◆ **Your goal**
Reproduce exactly the lines below, starting with the line that contains "this 1250×1666 image." and ending with the last line of the records, both included, and nothing else.

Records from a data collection
::::

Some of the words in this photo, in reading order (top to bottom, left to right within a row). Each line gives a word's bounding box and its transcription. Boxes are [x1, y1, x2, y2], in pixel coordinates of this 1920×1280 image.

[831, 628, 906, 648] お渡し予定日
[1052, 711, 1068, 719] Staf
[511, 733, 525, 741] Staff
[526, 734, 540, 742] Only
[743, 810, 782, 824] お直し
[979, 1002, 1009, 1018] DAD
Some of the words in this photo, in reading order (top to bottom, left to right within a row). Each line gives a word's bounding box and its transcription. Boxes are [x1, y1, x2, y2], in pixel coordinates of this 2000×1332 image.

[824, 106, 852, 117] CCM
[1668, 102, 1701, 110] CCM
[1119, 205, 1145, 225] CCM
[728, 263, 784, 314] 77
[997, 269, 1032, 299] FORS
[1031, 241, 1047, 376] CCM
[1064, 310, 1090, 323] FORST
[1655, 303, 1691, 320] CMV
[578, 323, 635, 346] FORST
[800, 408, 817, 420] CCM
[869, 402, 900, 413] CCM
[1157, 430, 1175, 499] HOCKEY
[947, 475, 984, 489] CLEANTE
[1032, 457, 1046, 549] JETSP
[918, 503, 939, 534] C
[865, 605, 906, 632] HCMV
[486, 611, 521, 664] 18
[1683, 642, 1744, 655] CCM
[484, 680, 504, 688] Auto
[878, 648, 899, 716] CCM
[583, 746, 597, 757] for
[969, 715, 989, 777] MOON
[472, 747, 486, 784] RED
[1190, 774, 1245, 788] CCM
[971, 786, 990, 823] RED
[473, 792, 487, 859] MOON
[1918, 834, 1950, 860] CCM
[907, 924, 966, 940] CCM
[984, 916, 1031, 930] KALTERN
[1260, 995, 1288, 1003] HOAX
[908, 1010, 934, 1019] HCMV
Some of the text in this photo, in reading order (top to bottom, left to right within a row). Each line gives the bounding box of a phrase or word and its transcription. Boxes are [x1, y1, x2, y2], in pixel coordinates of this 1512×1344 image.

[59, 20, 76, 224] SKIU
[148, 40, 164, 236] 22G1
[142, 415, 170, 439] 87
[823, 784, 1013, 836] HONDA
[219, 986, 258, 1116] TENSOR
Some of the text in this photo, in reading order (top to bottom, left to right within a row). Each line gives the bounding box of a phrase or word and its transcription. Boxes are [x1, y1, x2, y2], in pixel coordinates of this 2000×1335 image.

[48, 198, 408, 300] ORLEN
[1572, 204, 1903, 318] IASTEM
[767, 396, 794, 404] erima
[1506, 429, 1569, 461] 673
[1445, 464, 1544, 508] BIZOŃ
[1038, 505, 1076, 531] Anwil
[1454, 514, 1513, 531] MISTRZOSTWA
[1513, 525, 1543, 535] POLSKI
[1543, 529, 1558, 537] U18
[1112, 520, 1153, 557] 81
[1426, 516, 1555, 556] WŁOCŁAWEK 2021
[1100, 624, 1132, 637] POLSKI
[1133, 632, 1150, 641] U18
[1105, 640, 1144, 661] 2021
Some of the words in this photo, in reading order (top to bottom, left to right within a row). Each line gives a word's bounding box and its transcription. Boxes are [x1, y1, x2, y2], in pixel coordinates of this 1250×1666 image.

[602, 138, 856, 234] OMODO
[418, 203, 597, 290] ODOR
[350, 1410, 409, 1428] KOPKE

::::

◆ **Output for this exercise**
Some of the words in this photo, in reading order (top to bottom, left to right within a row). Each line gives a word's bounding box and its transcription. Boxes are [x1, y1, x2, y2], in pixel coordinates of this 1250×1666 image.

[602, 138, 856, 234] OMODO
[418, 203, 597, 290] ODOR
[350, 1410, 409, 1428] KOPKE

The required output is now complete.